(Dataset entries)
━━━━━━━━

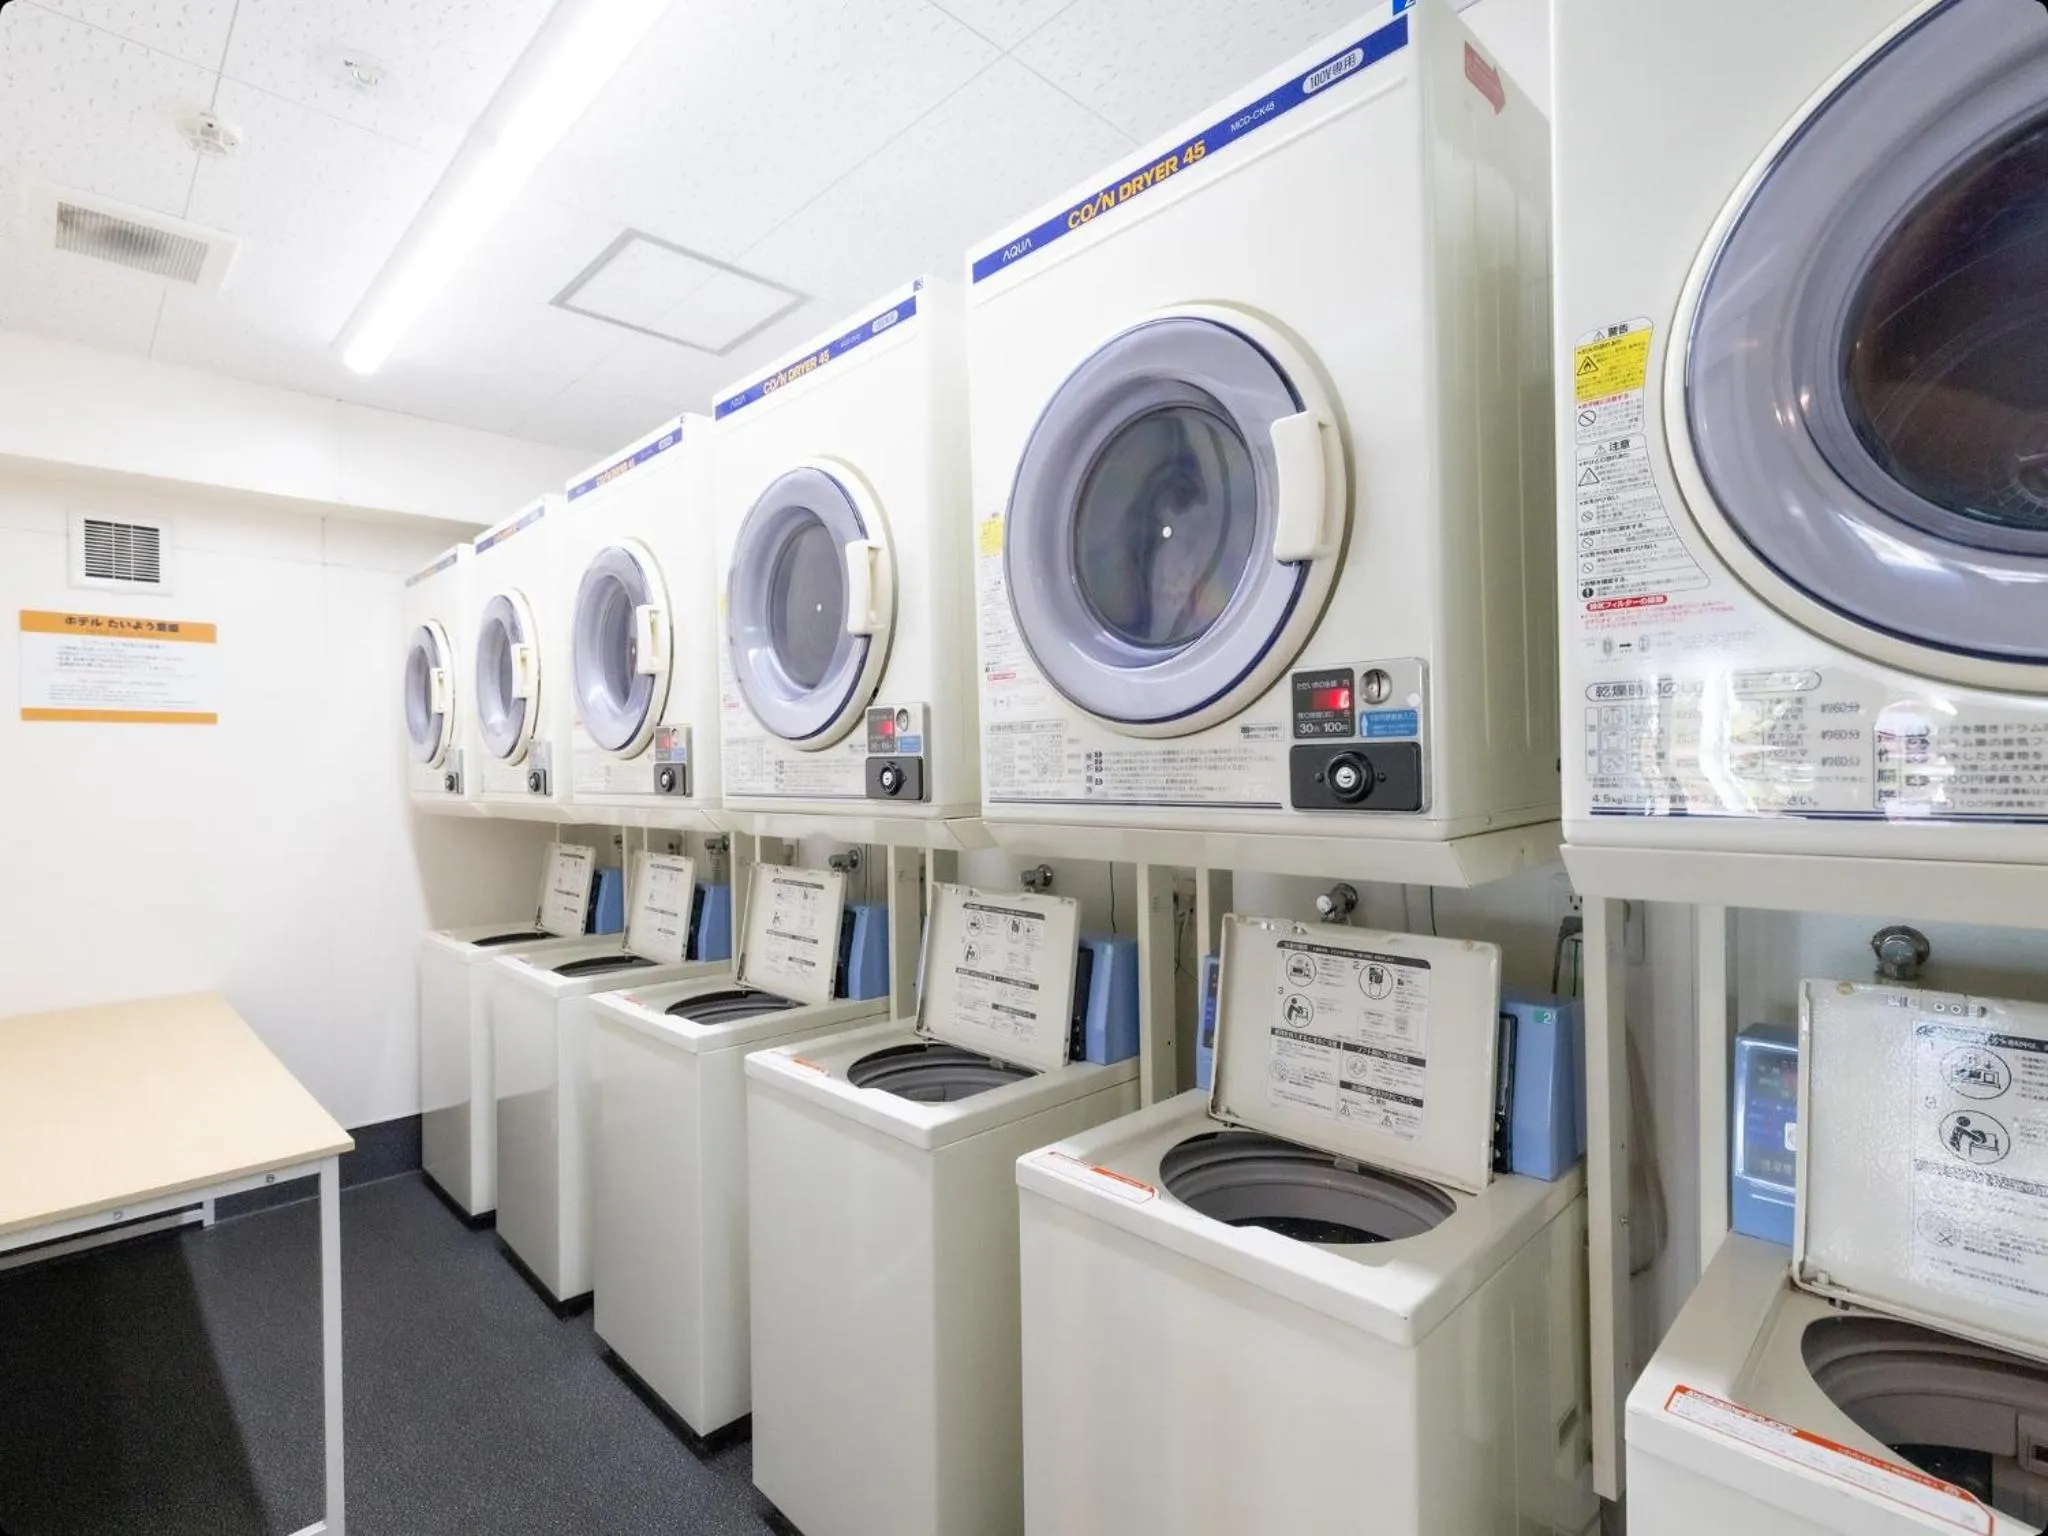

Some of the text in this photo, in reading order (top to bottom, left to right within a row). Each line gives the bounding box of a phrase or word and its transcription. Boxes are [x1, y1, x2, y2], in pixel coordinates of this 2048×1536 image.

[1310, 53, 1357, 89] 100V専用
[1119, 157, 1179, 202] DRYER
[1183, 140, 1207, 165] 45
[1002, 237, 1032, 262] AQUA
[65, 616, 103, 627] ホテル
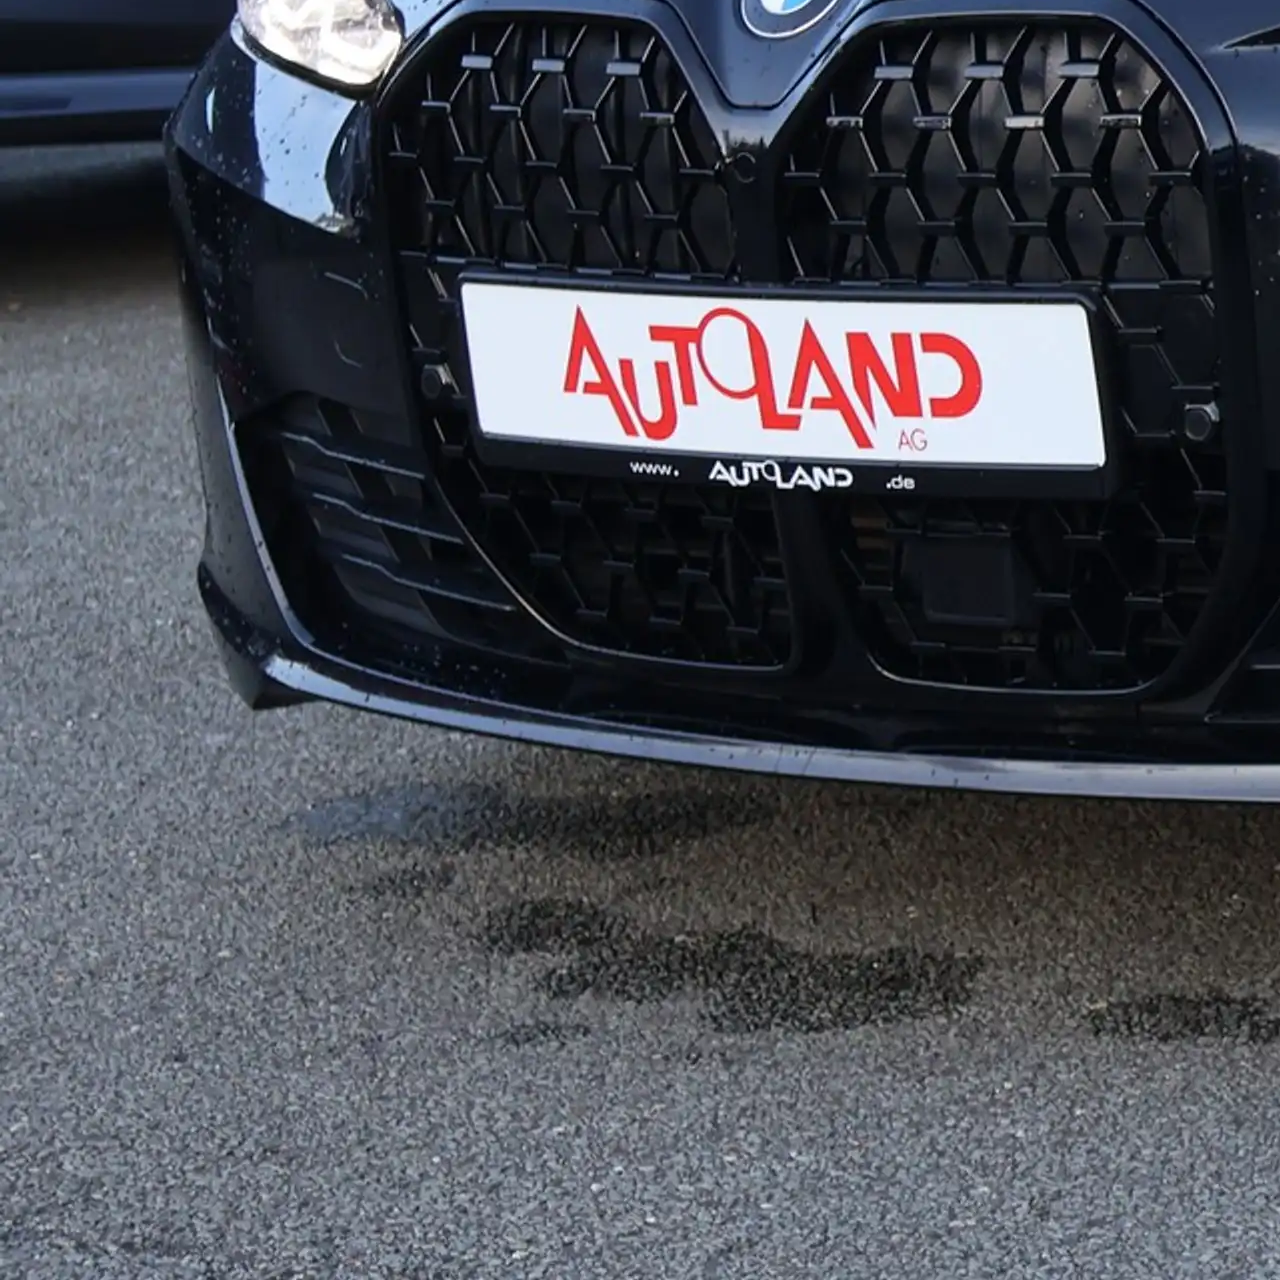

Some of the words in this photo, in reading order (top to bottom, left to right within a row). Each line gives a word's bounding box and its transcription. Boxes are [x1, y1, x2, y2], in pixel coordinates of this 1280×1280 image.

[563, 305, 983, 448] AUTOLAND
[897, 428, 929, 452] AG
[629, 461, 680, 478] www.
[708, 459, 853, 491] AUTOLAND
[885, 474, 916, 491] .de
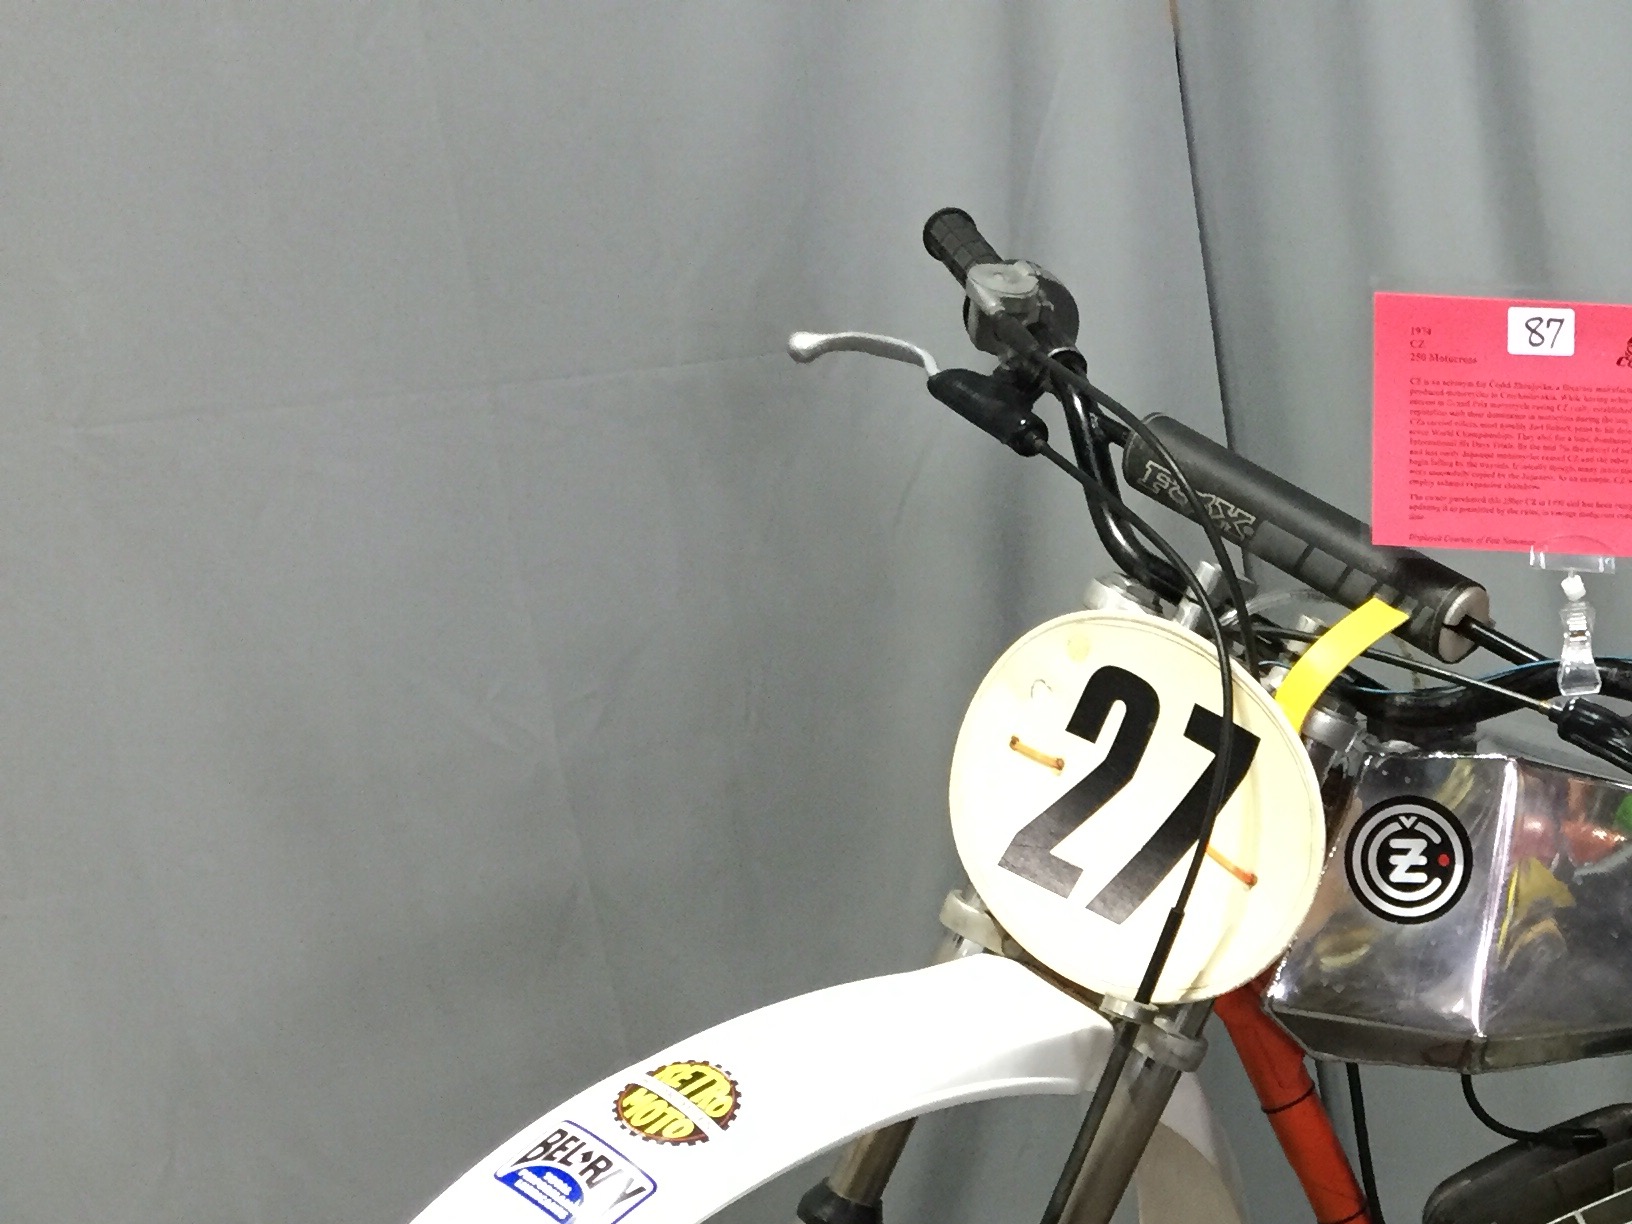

━━━━━━━━

### Problem
Once the pictures are set aside, write out each record exactly.

### Task result
Some of the text in this photo, in reading order (top to bottom, left to right within a row). Each line gives the bounding box of a phrase or word and its transcription. Boxes are [x1, y1, x2, y2], in pixel coordinates of this 2048×1536 image.

[1310, 53, 1357, 89] 100V専用
[1119, 157, 1179, 202] DRYER
[1183, 140, 1207, 165] 45
[1002, 237, 1032, 262] AQUA
[65, 616, 103, 627] ホテル

Some of the words in this photo, in reading order (top to bottom, left to right within a row). Each line gives a word's bounding box and its transcription. Boxes are [x1, y1, x2, y2], in pixel coordinates of this 1280×1280 image.

[563, 305, 983, 448] AUTOLAND
[897, 428, 929, 452] AG
[629, 461, 680, 478] www.
[708, 459, 853, 491] AUTOLAND
[885, 474, 916, 491] .de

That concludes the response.